Minister of Justice
- In office 3 November 1990 – 4 September 1992
- Prime Minister: Gro Harlem Brundtland
- Preceded by: Else Bugge Fougner
- Succeeded by: Grete Faremo

Minister of Trade and Shipping
- In office 4 February 1981 – 14 October 1981
- Prime Minister: Gro Harlem Brundtland
- Preceded by: Reiulf Steen
- Succeeded by: Arne Skauge

Personal details
- Born: 16 May 1947 (age 78) Oslo, Norway
- Party: Labour

= Kari Gjesteby =

Norwegian politician (born 1947)

Kari Gjesteby (born 16 May 1947) is a Norwegian politician for the Labour Party.

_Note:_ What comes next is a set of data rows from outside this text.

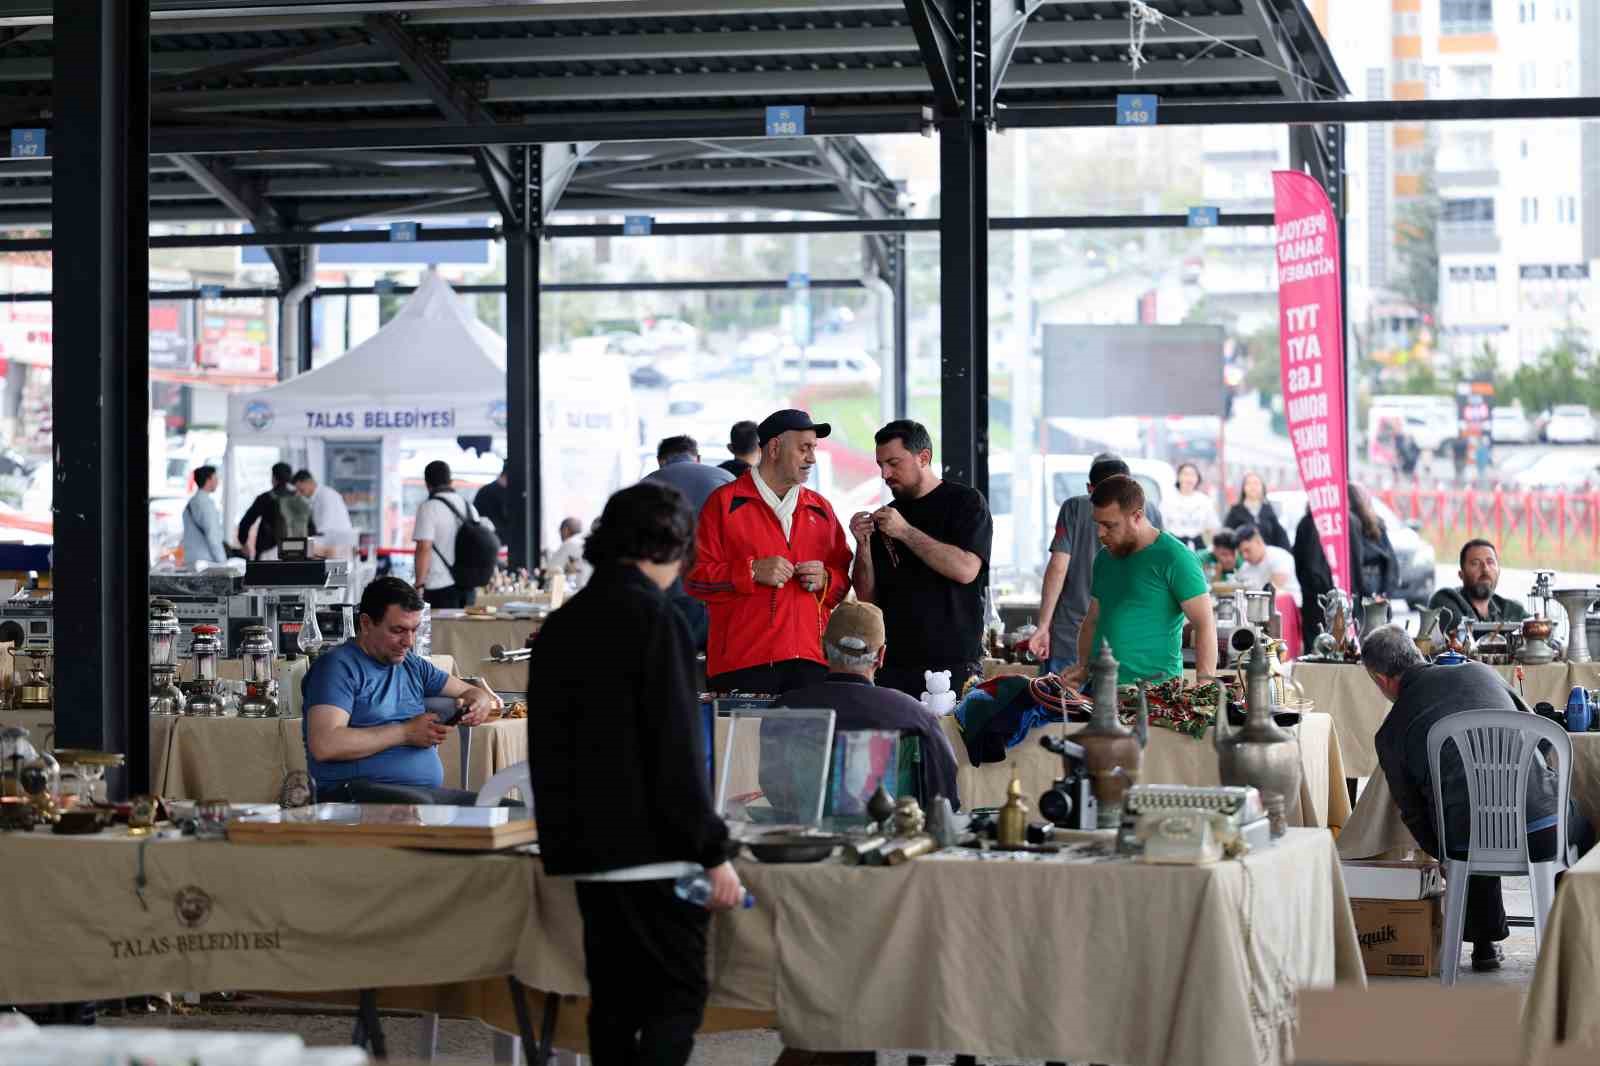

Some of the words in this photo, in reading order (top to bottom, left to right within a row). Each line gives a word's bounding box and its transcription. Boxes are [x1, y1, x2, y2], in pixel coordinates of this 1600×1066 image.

[305, 409, 354, 429] TALAS
[363, 407, 456, 429] BELEDİYESİ
[109, 936, 169, 959] TALAS
[176, 928, 281, 953] BELEDİYESİ
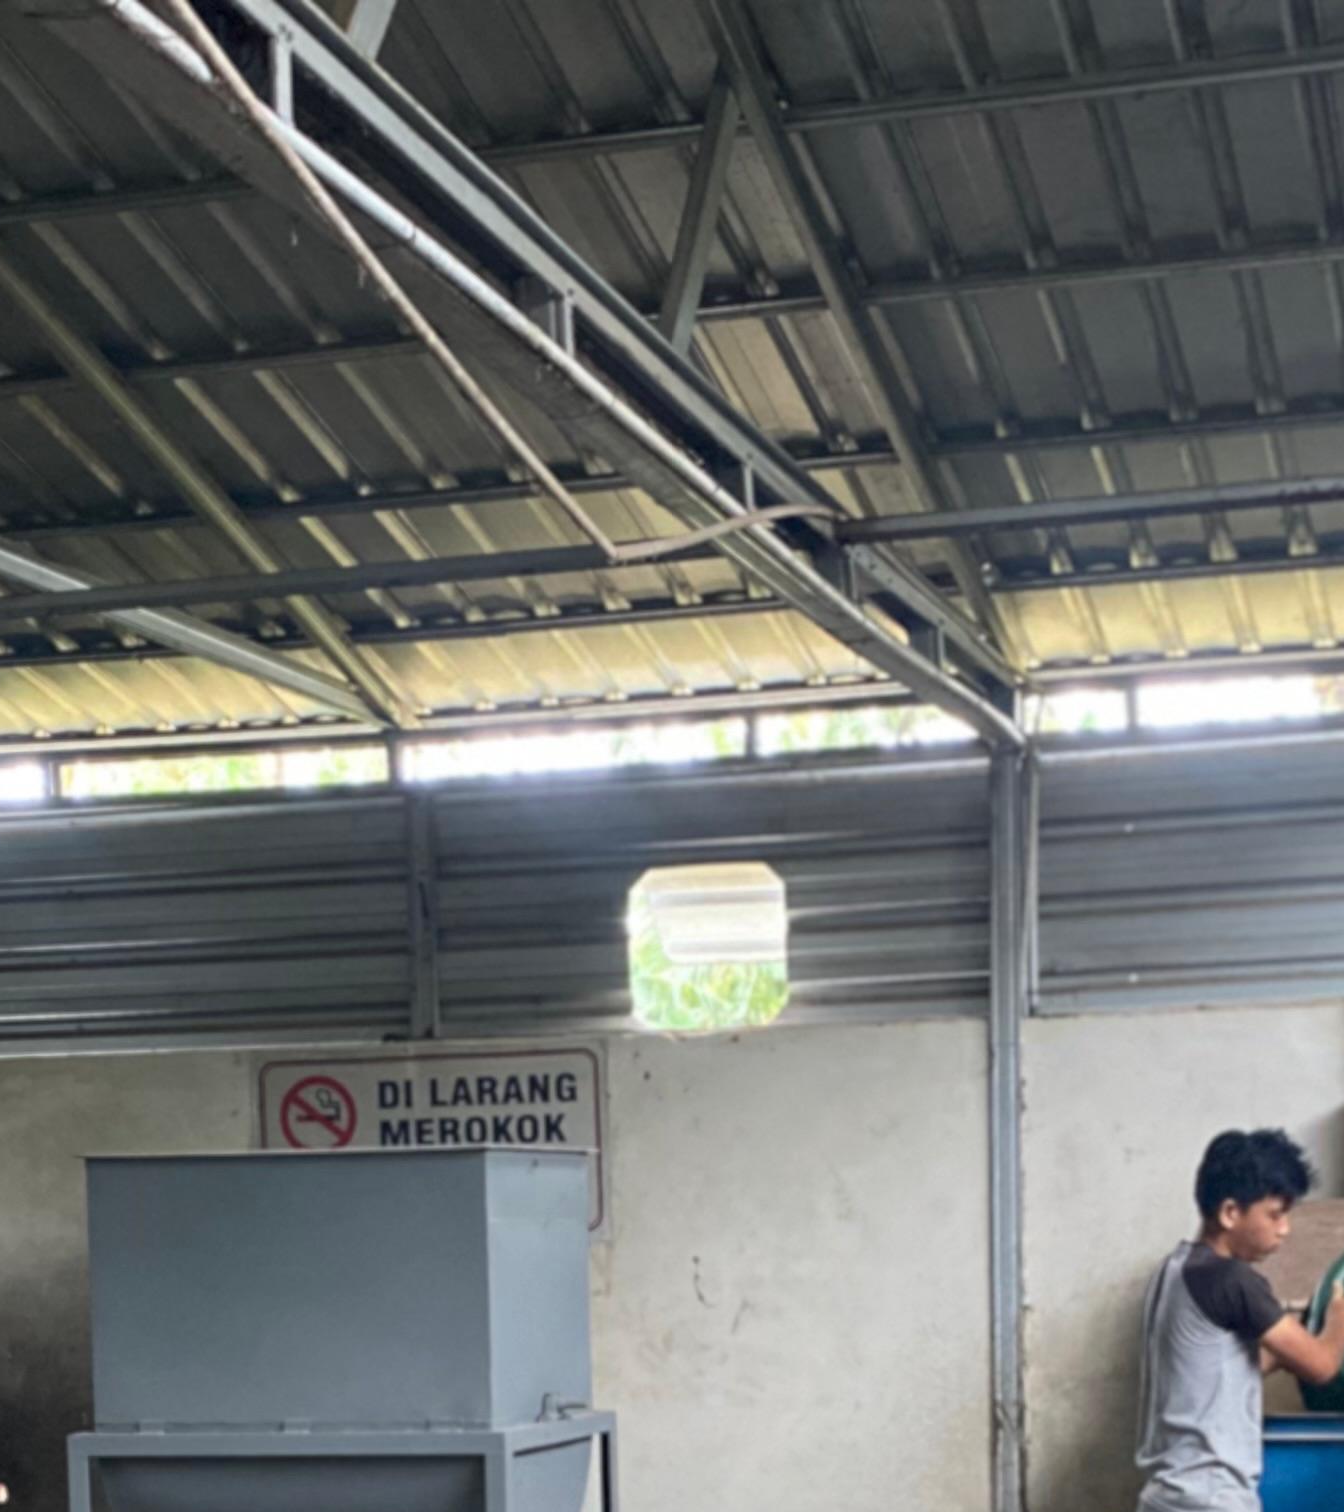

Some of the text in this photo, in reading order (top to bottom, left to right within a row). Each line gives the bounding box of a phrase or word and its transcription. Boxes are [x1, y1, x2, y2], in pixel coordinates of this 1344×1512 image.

[377, 1073, 578, 1110] DI LARANG
[379, 1113, 567, 1147] MEROKOK

She has never been a member of the Norwegian Parliament, but has been State Secretary for three tenures, as well as Minister of Trade and Shipping from February to October 1981 and Minister of Justice and the Police from 1990 to 1992. After her political career she has been a director in the Bank of Norway, director of the National Library of Norway and the Norwegian Library of Talking Books and Braille and, from 2009 to 2013, the first female State Conciliator of Norway.

==Career==

===Early career===
She was born in Oslo as a daughter of politician Omar Gjesteby and Ingrid Elisabeth Thoresen. Odd Gjesteby (deceased) and Arne Gjesteby (deceased) are her brothers. She enrolled in primary school in Bjølsen in 1953, and finished secondary school at Oslo Commerce School in 1965. From 1967 to 1970 she studied economics at the Norwegian School of Economics and Business Administration. She also worked in Landsbanken from 1966 to 1967 and Universitetsforlaget from 1967 to 1972. She had become involved in the Workers' Youth League in her teens, chaired the secondary school branch from 1964 and was a secretary from 1966. She was a board member of the local Labour Party chapter from 1964 to 1966 and 1974 to 1975.

===Political career===
From 1972 she was a consulent in the Ministry of Local Government and Labour. She left in 1974 to become political secretary (today known as political advisor) in the Ministry of Government Administration and Consumer Affairs. In January 1976 she was promoted to State Secretary in the Ministry of Church and Education. She left in January 1978, but returned in October 1979 as State Secretary in the Ministry of Finance. On 4 February 1981 she was promoted to Minister of Trade and Shipping in the so-called "female government" of Gro Harlem Brundtland. This cabinet only lasted until October 1981. From 1981 to 1982 she was a secretary for the parliamentary group and the now-minority leader Gro Harlem Brundtland. When the second cabinet Brundtland assumed office in May 1986, Gjesteby was State Secretary in the Ministry of Foreign Affairs. She left in May 1988. In the first two years of the third cabinet Brundtland, from November 1990 to September 1992, Gjesteby was Minister of Justice and the Police.

===Later career===
In between her spells as a full-time politician, she worked for the Nordic Council of Ministers from 1978 to 1979 and 1983 to 1986. In 1990, she was hired as director in the Bank of Norway. She was given absence of leave to be director of the National Library of Norway from 2002 to 2004 and the Norwegian Library of Talking Books and Braille from 2005 to 2006. In 2009, she was appointed the State Conciliator of Norway, as the first woman to hold the position.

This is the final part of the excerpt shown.